Task item: Hand back the entries exactly as written, minus every picture.

Study material:
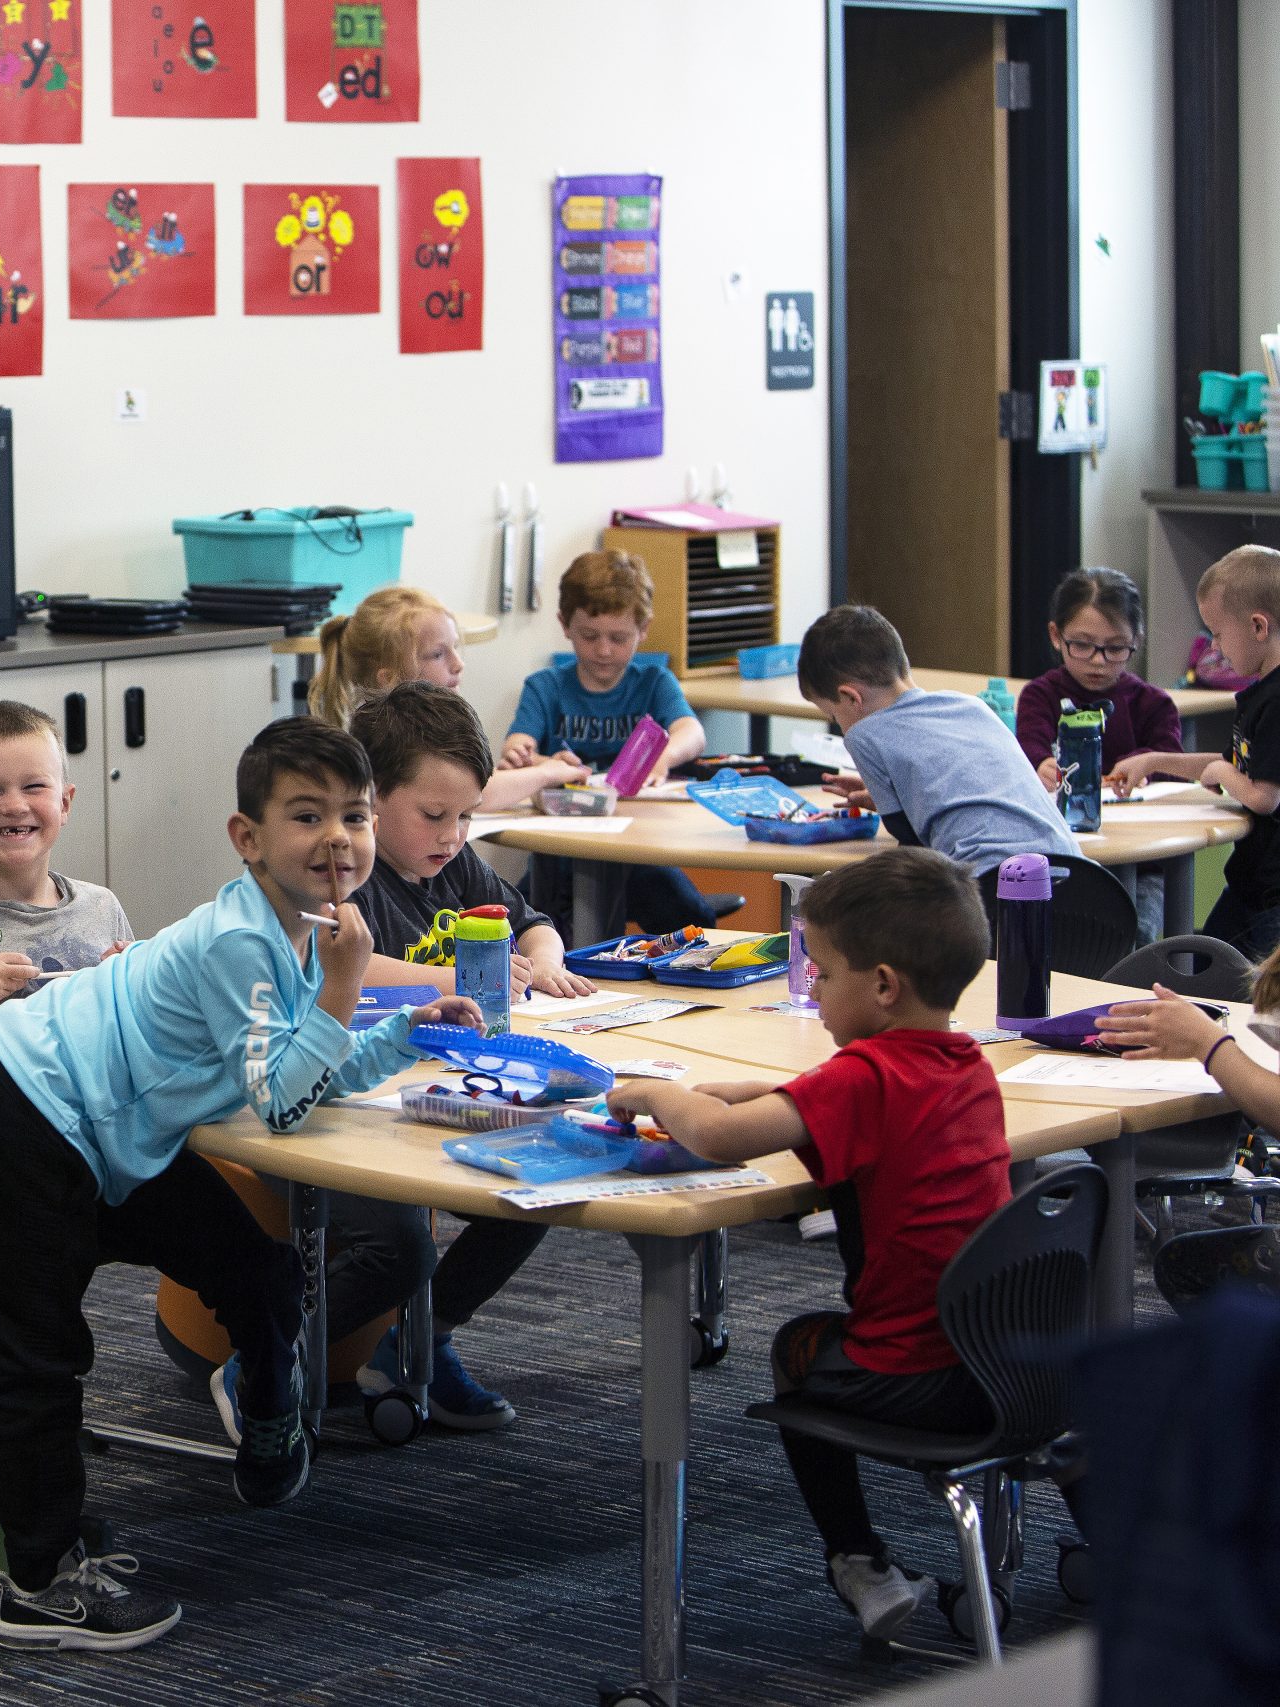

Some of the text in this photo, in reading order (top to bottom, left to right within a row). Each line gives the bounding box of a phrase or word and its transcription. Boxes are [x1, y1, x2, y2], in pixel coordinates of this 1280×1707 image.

[21, 41, 51, 89] y
[189, 22, 215, 73] e
[338, 54, 382, 100] ed
[292, 263, 327, 293] or
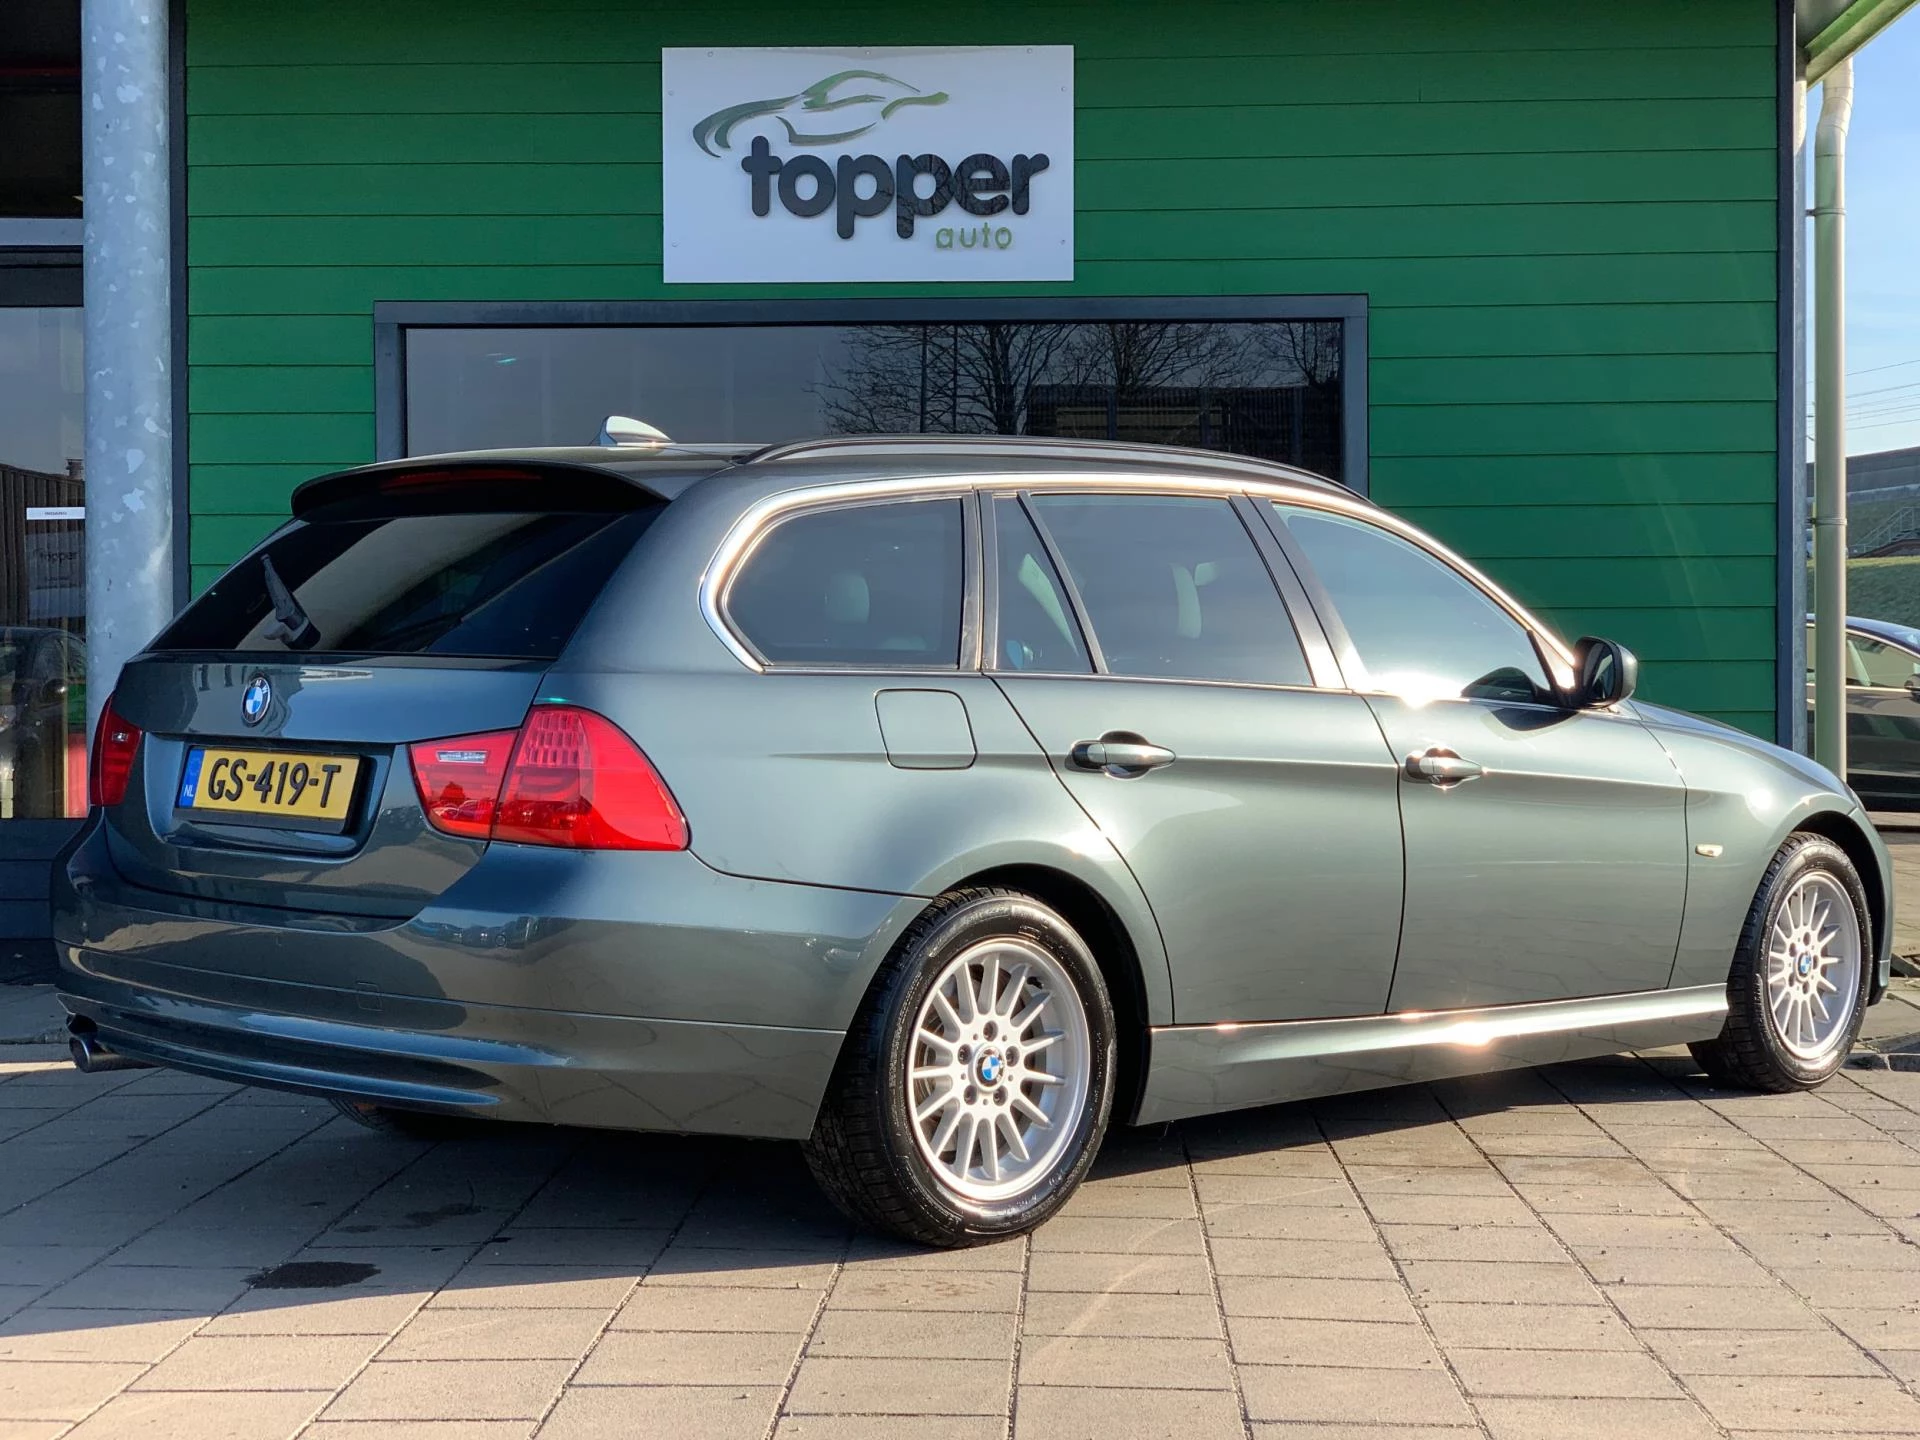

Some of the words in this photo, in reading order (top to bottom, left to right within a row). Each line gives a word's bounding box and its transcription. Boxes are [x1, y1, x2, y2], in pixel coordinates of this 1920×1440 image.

[741, 135, 1050, 239] topper
[935, 222, 1013, 249] auto
[183, 784, 194, 797] NL
[208, 757, 341, 808] GS-419-T

Solution to this task:
Some of the text in this photo, in reading order (top to bottom, left to right within a row). Each line gives the bounding box of a phrase or word and its transcription. Boxes are [x1, y1, x2, y2], in pixel coordinates of this 1280×1707 image.

[21, 41, 51, 89] y
[189, 22, 215, 73] e
[338, 54, 382, 100] ed
[292, 263, 327, 293] or

Some of the words in this photo, in reading order (top to bottom, left to right within a row). Each line gives a word's bounding box and its transcription. Boxes are [x1, y1, x2, y2], in pixel coordinates of this 1920×1440 image.

[741, 135, 1050, 239] topper
[935, 222, 1013, 249] auto
[183, 784, 194, 797] NL
[208, 757, 341, 808] GS-419-T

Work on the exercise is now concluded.